"There is always a philosophy for lack of courage."—Albert Camus

Monday, October 25, 2004

Religion as a Neurological Disorder?

Bill Maher recently told Canadian Broadcasting that he believes religion is a neurological disorder, something you would tell a psychiatrist about and he would give you a pill to make it go away. His remarks got my attention, not because I have a thin skin about such things, but because I've often had the same thought in a different direction. I've considered the notion that some people are "wired" for religious belief and others are not and concluded that being incapable of believing in God would be a lot like being an animal, a clever, calculating, rationalizing animal, but an animal nonetheless.

1 comment:

Steve T said...

That's curious. Has Maher considered the possibility that his believing religion to be a neurological disorder is itself a neurological disorder?

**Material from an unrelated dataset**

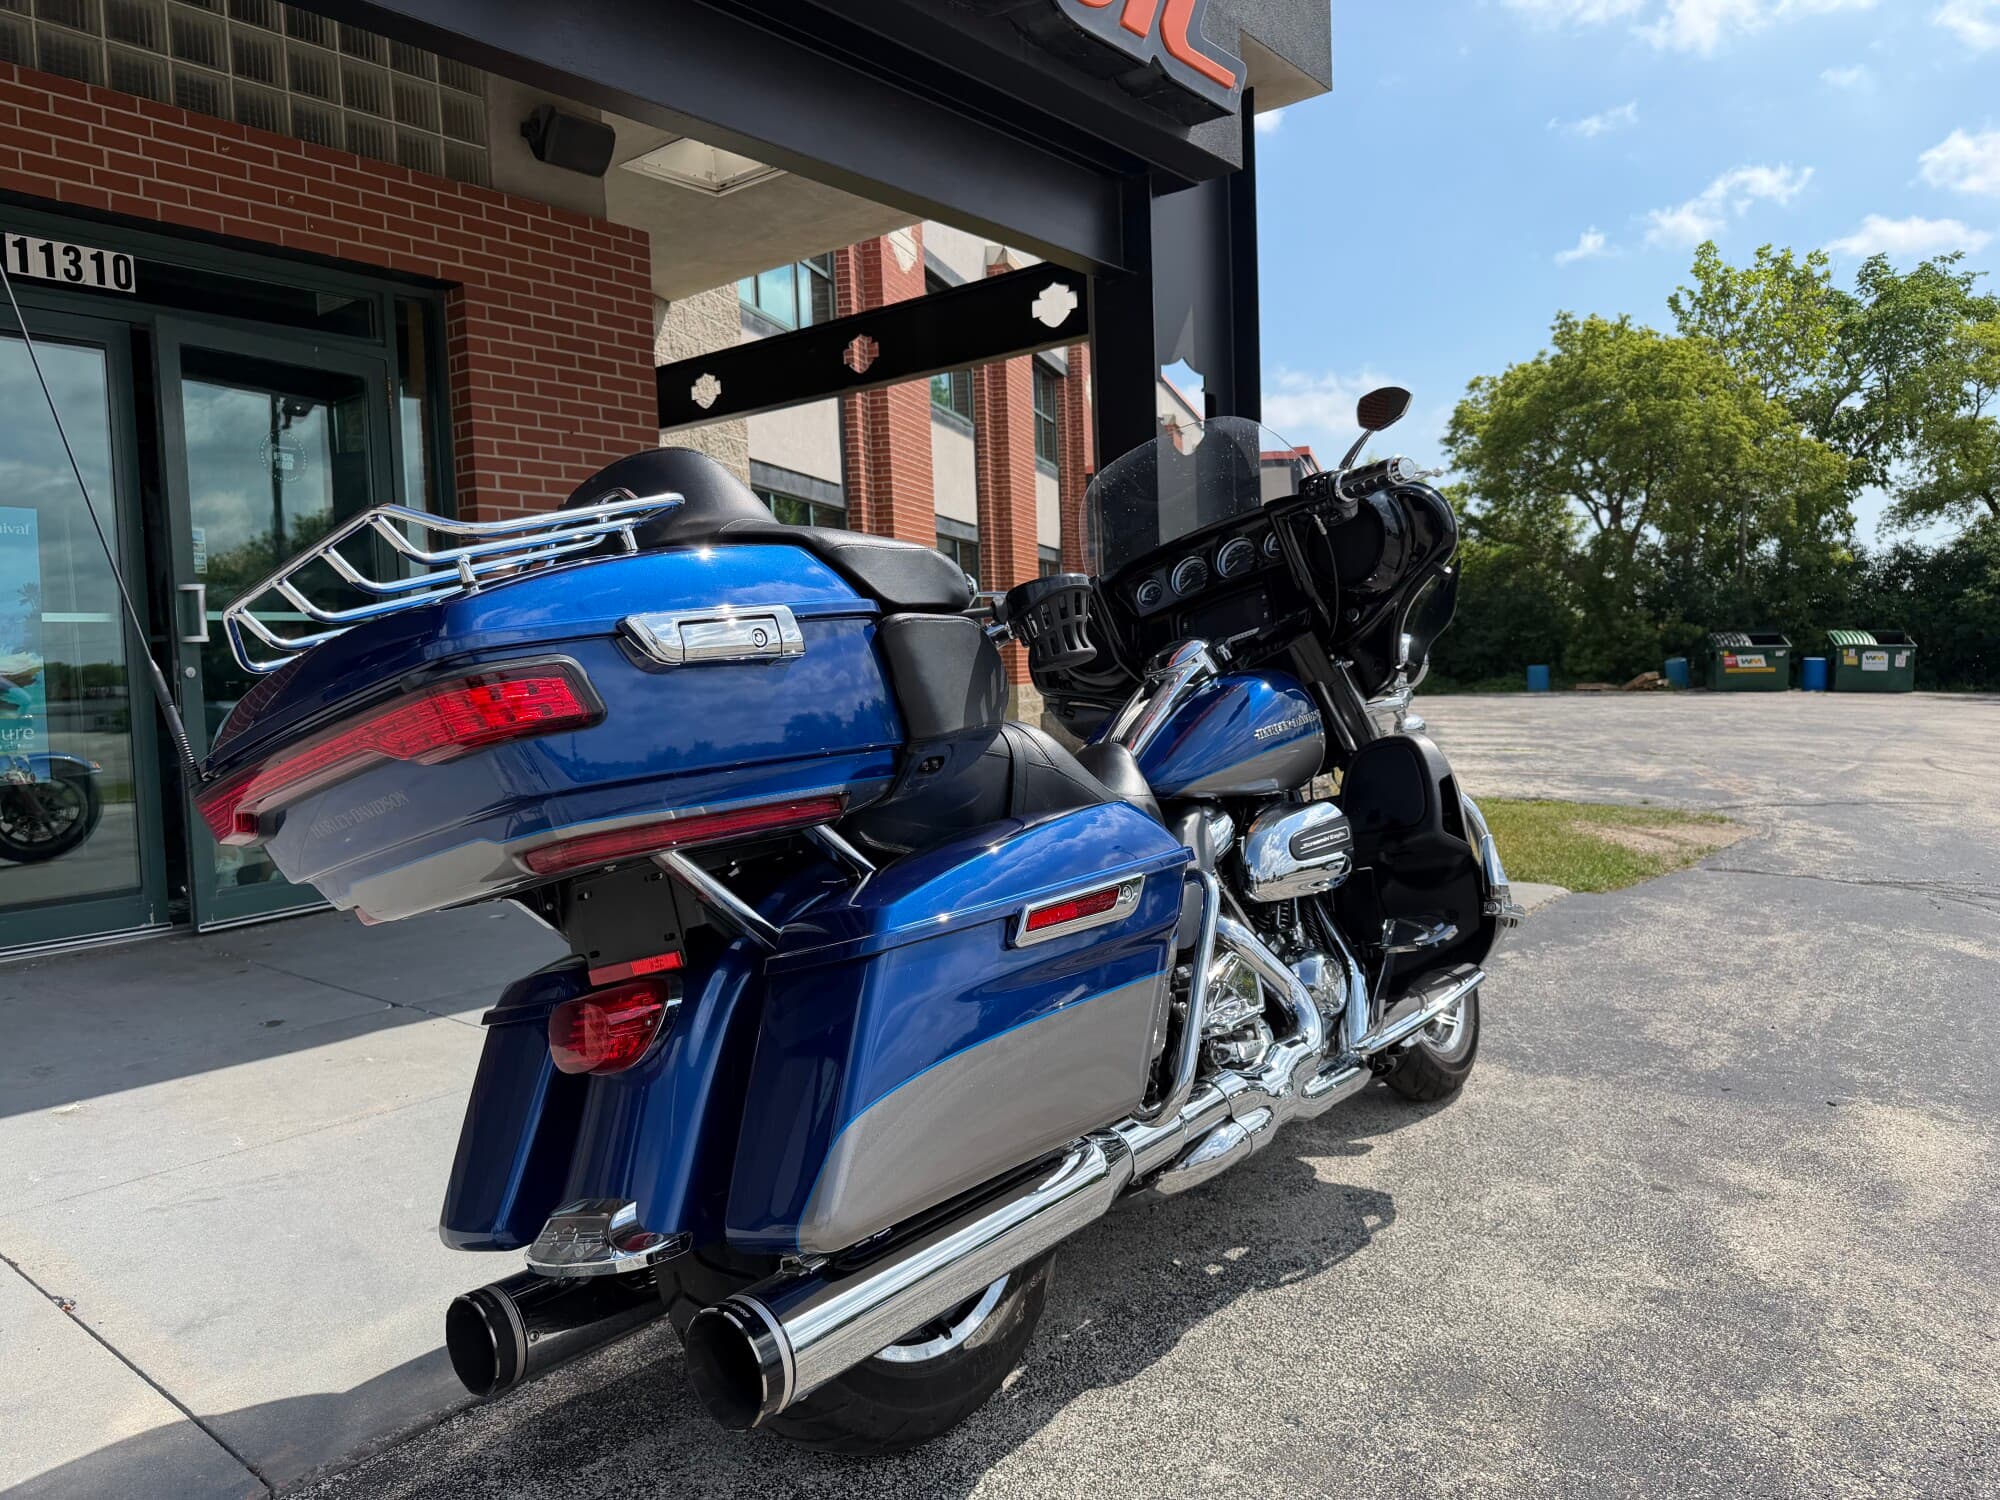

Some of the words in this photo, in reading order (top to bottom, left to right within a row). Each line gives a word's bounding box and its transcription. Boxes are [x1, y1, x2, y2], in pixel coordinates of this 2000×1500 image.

[12, 236, 133, 290] 11310
[1253, 708, 1321, 740] HARLEY-DAVIDS
[309, 789, 409, 840] HARLEY-DAVIDSON

Furthermore, the term 'disorder' tends to require a standard of proper function from which to deviate, but that's difficult to come by for naturalists like Maher, since teleology is out of the picture for them. But perhaps Maher would respond by saying that religion is a neurological disorder because it relies upon falsehoods about the existence of God, His nature, and so on.

But again, (neo)Darwinian evolution - which is likely to be our origin if there is no God - cares only about getting reproductive parts in the right place, at the right time, as often as possible. Otherwise, organisms are treated as black boxes, and mental life - in particular, mental processes aimed at getting to the truth of such issues as the existence of God or the neurophysiology of the brain - is not likely to be very reliable, much less equipped for truth-discernment. As Phillip Johnson likes to point out, cockroaches are better suited for evolution's reproductive concerns than we are.

As a result, Maher's arguments are shaky at best. Ironically, the presuppositions required to make the argument work at all seem to be more reasonable from a theistic, rather than naturalistic, worldview.